For example, in SL137142 the book ‘Banier’s Mythology’ appears four times as follows (assuming ‘Banier’ and ‘Bannier’ are the same):

  1. Banier’s Mythology v. 1, 2
  2. Banier’s Mythology v. 1, 2
  3. Bannier’s Myth 4 vols
  4. Bannier’s Myth. Vol 3 & 4

My script would create one holding and item record for ‘Banier’s Mythology v. 1, 2’ and associate it with the first two borrowing records but the 3rd and 4th items above would end up generating two additional holding / item records which would then be associated with the 3rd and 4th borrowing records.

No script I can write (at least not without a huge amount of work) would be able to figure out that all four of these books are actually the same, or that there are actually 4 volumes for the one book, each requiring its own book item record, and that volumes 1 & 2 need to be associated with borrowing records 1&2 while all 4 volumes need to be associated with borrowing record 3 and volumes 3&4 need to be associated with borrowing record 4.  I did wonder whether I might be able to automatically extract volume data from the ‘item’ column but there is just too much variation.

We’re going to have to tackle the normalisation of book holding names and the generation of all required book items for volumes at some point and this either needs to be done prior to ingest via the spreadsheets or after ingest via the CMS.

My feeling is that it might be simpler to do it via the spreadsheets before I import the data.  If we were to do this then the ‘Item’ column would become the ‘original title’ and we’d need two further columns, one for the ‘standardised title’ and one listing the volumes, consisting of a number of each volume separated with a comma.  With the above examples we would end up with the following (with a | representing a column division):

  1. Banier’s Mythology v. 1, 2 | Banier’s Mythology | 1,2
  2. Banier’s Mythology v. 1, 2 | Banier’s Mythology | 1,2
  3. Bannier’s Myth 4 vols | Banier’s Mythology | 1,2,3,4
  4. Bannier’s Myth.
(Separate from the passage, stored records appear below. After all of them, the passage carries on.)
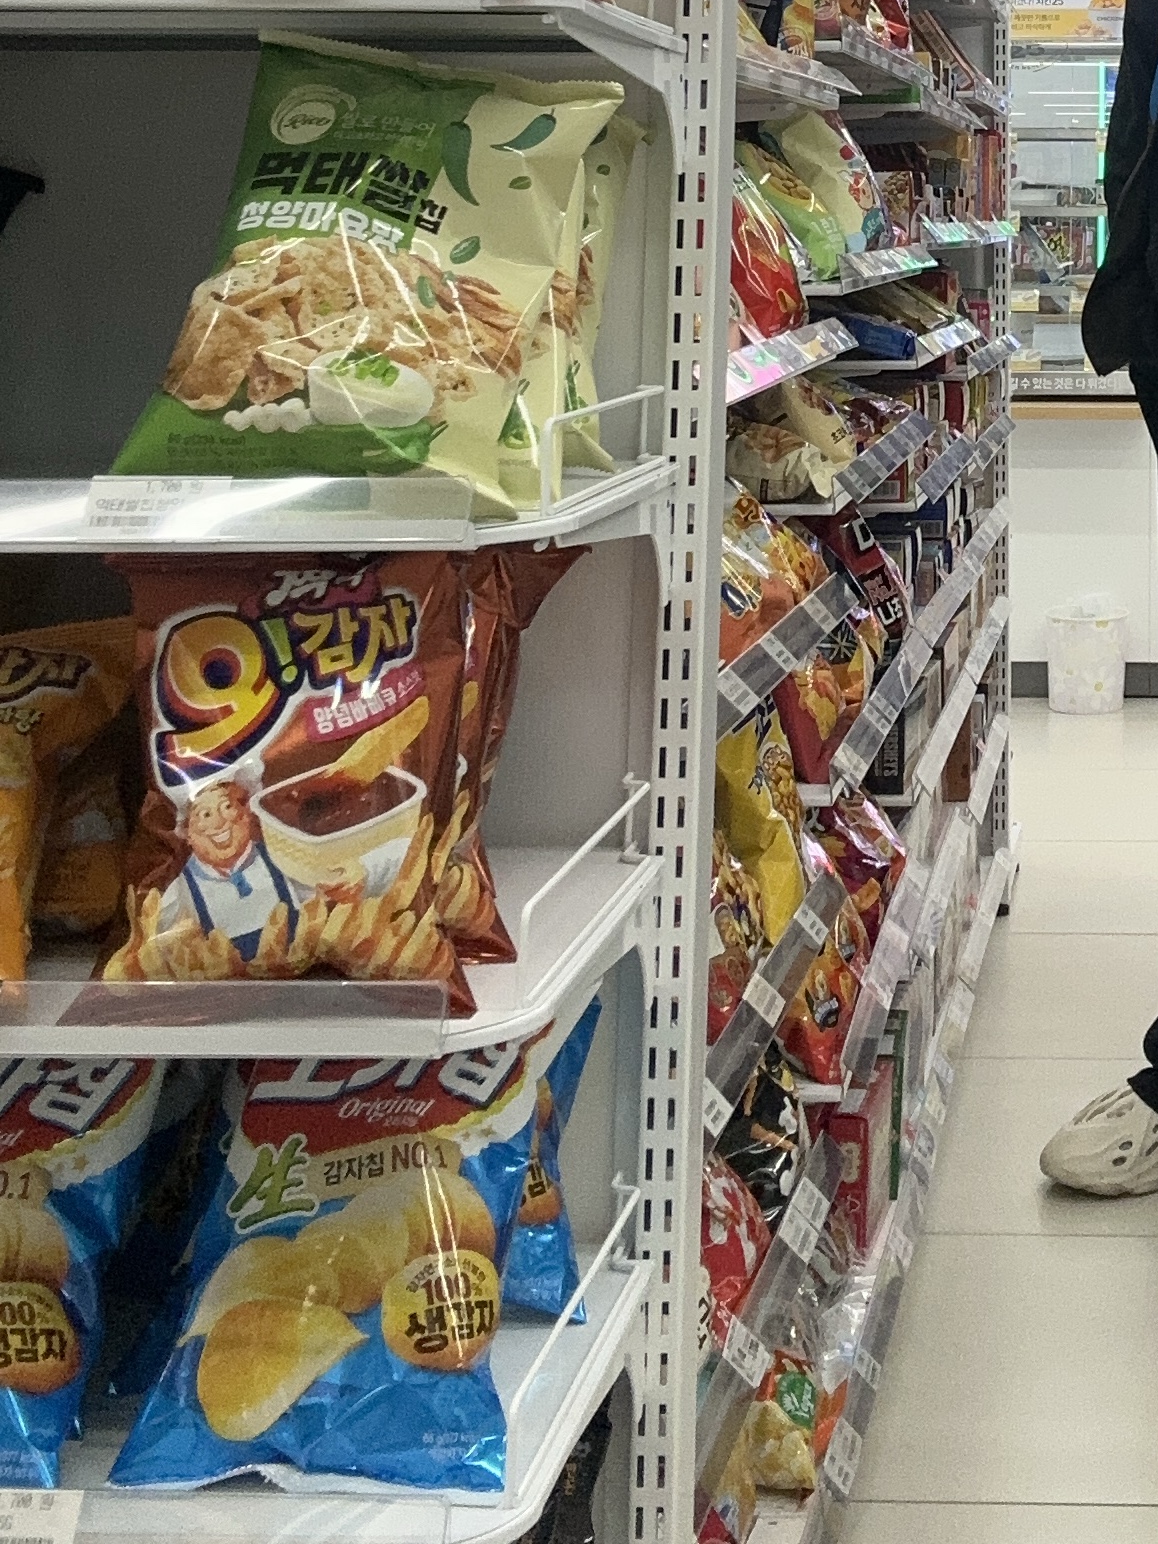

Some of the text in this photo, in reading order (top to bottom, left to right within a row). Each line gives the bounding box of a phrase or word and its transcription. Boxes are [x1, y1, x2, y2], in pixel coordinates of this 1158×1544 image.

[1035, 14, 1061, 22] 기름으로
[237, 201, 404, 254] 청양마요맛
[1020, 377, 1031, 390] 수
[1032, 377, 1053, 390] 있는
[1054, 377, 1075, 390] 것은
[1075, 377, 1086, 390] 다
[338, 1097, 435, 1124] Original
[231, 1137, 316, 1230] 生
[323, 1140, 449, 1186] 감자칩 NO.1
[405, 1299, 495, 1354] 생감자
Vol 3 & 4 | Banier’s Mythology | 3,4

If each sheet of the spreadsheet is ordered alphabetically by the ‘item’ column it might not take too long to add in this information.  The additional fields could also be omitted where the ‘item’ column has no volumes or different spellings.  E.g. ‘Hederici Lexicon’ may be fine as it is.  If the ‘standardised title’ and ‘volumes’ columns are left blank in this case then when my script reaches the record it will know to use ‘Hederici Lexicon’ as both original and standardised titles and to generate one single unnumbered book item record for it.  We agreed that normalising the data prior to ingest would be the best approach and I will therefore wait until I receive updated data before I proceed further with this.
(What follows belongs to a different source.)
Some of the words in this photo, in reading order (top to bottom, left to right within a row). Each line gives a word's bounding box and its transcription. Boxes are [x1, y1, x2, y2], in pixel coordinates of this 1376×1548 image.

Also this week I generated a new version of a spreadsheet containing the records for one register for Gerry McKeever, who wanted borrowers, book items and book holding details to be included in addition to the main borrowing record.  I also made a pretty major update to the CMS to enable books and borrower listings for a library to be filtered by year of borrowing in addition to filtering by register.  Users can either limit the data by register or year (not both).  They need to ensure the register drop-down is empty for the year filter to work, otherwise the selected register will be used as the filter.  On either the ‘books’ or ‘borrowers’ tab in the year box they can add either a single year (e.g. 1774) or a range (e.g. 1770-1779).  Then when ‘Go’ is pressed the data displayed is limited to the year or years entered.  This also includes the figures in the ‘borrowing records’ and ‘Total borrowed items’ columns.  Also, the borrowing records listed when a related pop-up is opened will only feature those in the selected years.
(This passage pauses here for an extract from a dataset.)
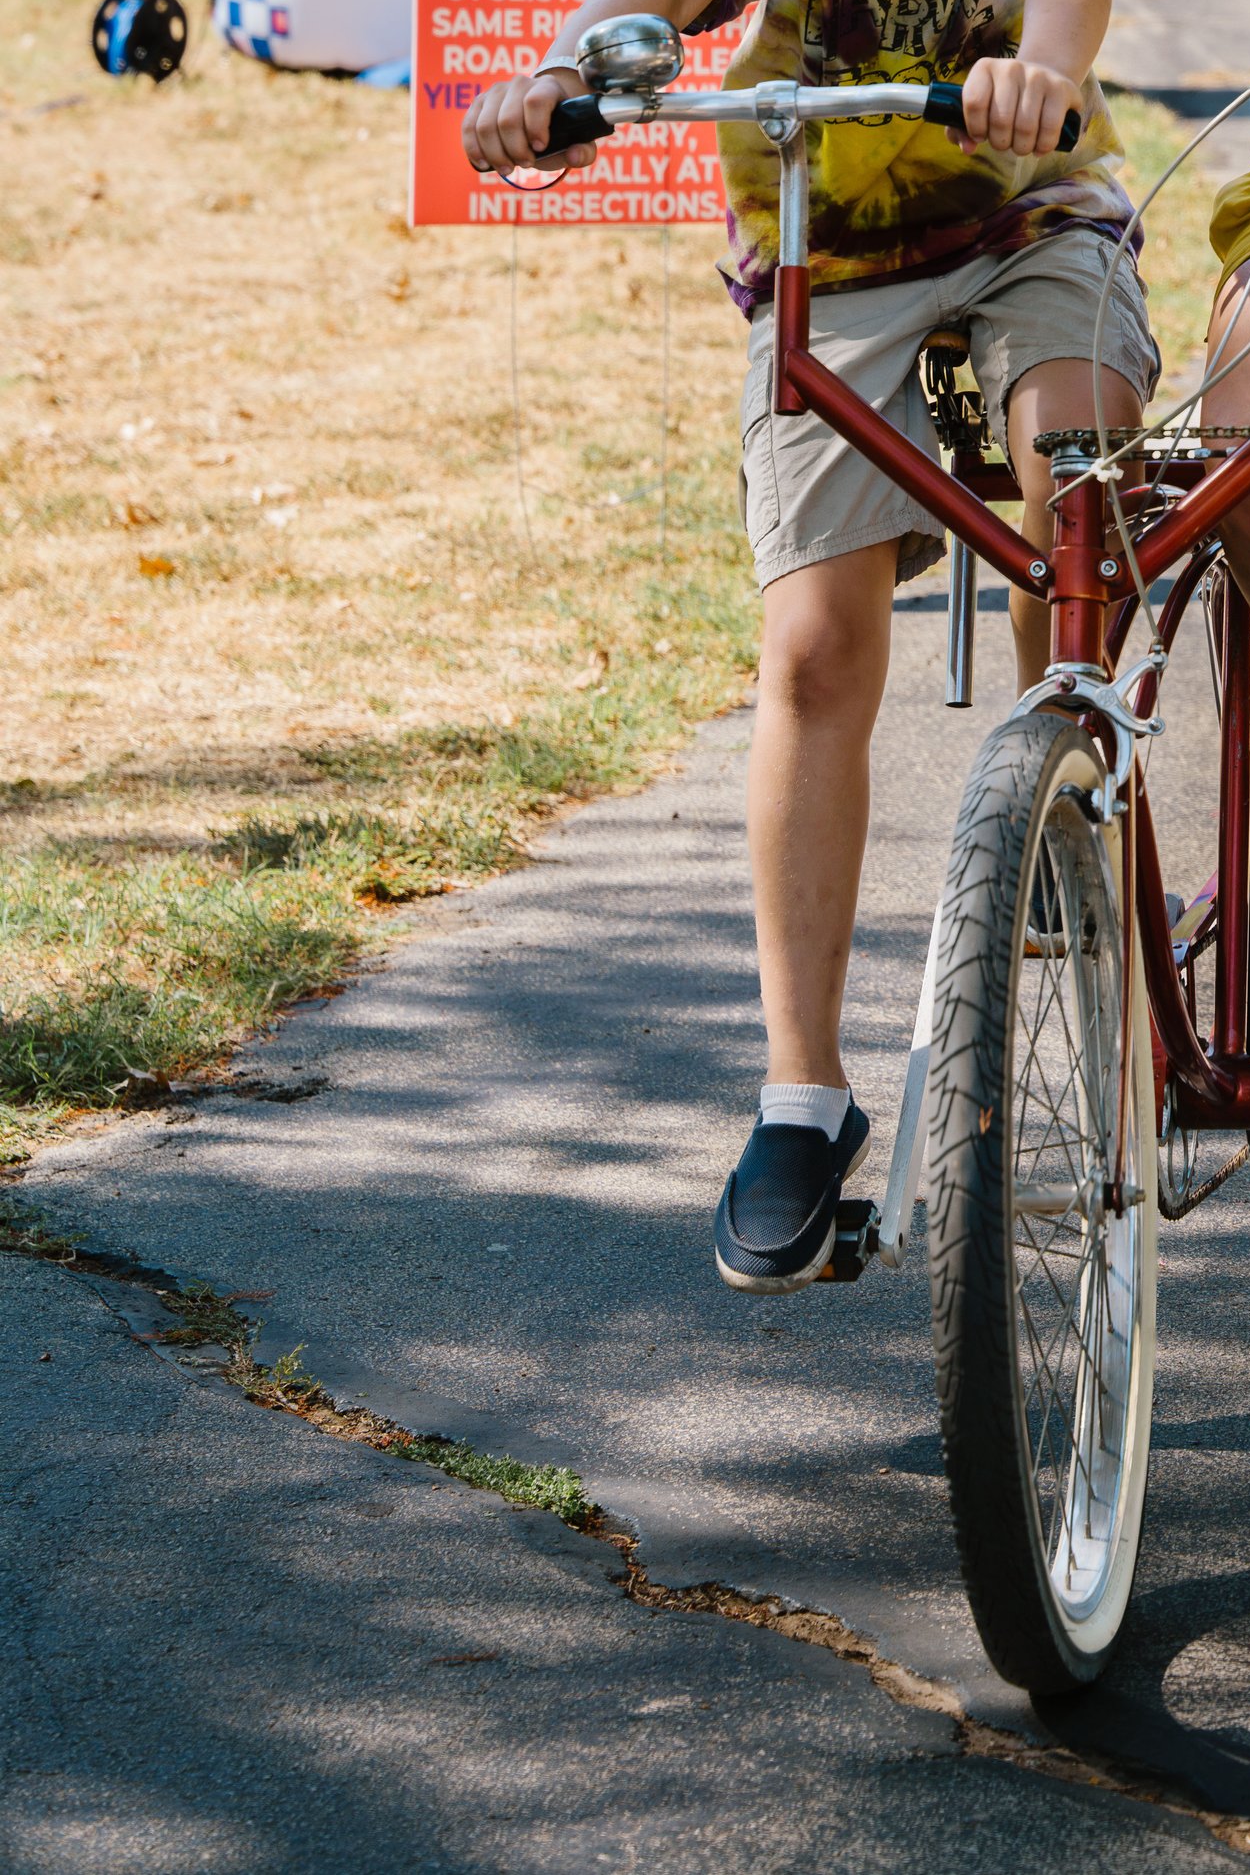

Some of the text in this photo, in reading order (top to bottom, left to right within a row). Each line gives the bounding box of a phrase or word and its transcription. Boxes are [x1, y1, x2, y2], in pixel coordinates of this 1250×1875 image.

[431, 7, 524, 38] SAME
[443, 44, 538, 74] ROAD
[675, 154, 720, 185] AT
[469, 189, 726, 222] INTERSECTIONS.
I also worked with Raymond in Arts IT Support and Geert, the editor of the Anglo-Norman Dictionary to complete the process of migrating the AND website to the new server.  The website (https://anglo-norman.net/) is now hosted on the new server and is considerably faster than it was previously.  We also took the opportunity the launch the Anglo-Norman Textbase, which I had developed extensively a few months ago.  Searching and browsing can be found here: https://anglo-norman.net/textbase/ and this marks the final major item in my overhaul of the AND resource.

My last major task of the week was to start work on a database of ultrasound video files for the Speech Star project.  I received a spreadsheet of metadata and the video files from Eleanor this week and began processing everything.  I wrote a script to export the metadata into a three-table related database (speakers, prompts and individual videos of speakers saying the prompts) and began work on the front-end through which this database and the associated video files will be accessed.  I’ll be continuing with this next week.

In addition to the above I also gave some advice to the students who are migrating the IJOSTS journal over the WordPress, had a chat with the DSL people about when we’ll make the switch to the new API and data, set up a WordPress site for Joanna Kopaczyk for the International Conference on Middle English, upgraded all of the WordPress sites I manage to the latest version of WordPress, made a few tweaks to the 17th Century Symposium website for Roslyn Potter, spoke to Kate Simpson in Information Studies about speaking to her Digital Humanities students about what I do and arranged server space to be set up for the Speak For Yersel project website and the Speech Star project website.  I also helped launch the new Burns website: https://burnsc21-letters-poems.glasgow.ac.uk/ and updated the existing Burns website to link into it via new top-level tabs.  So a pretty busy week!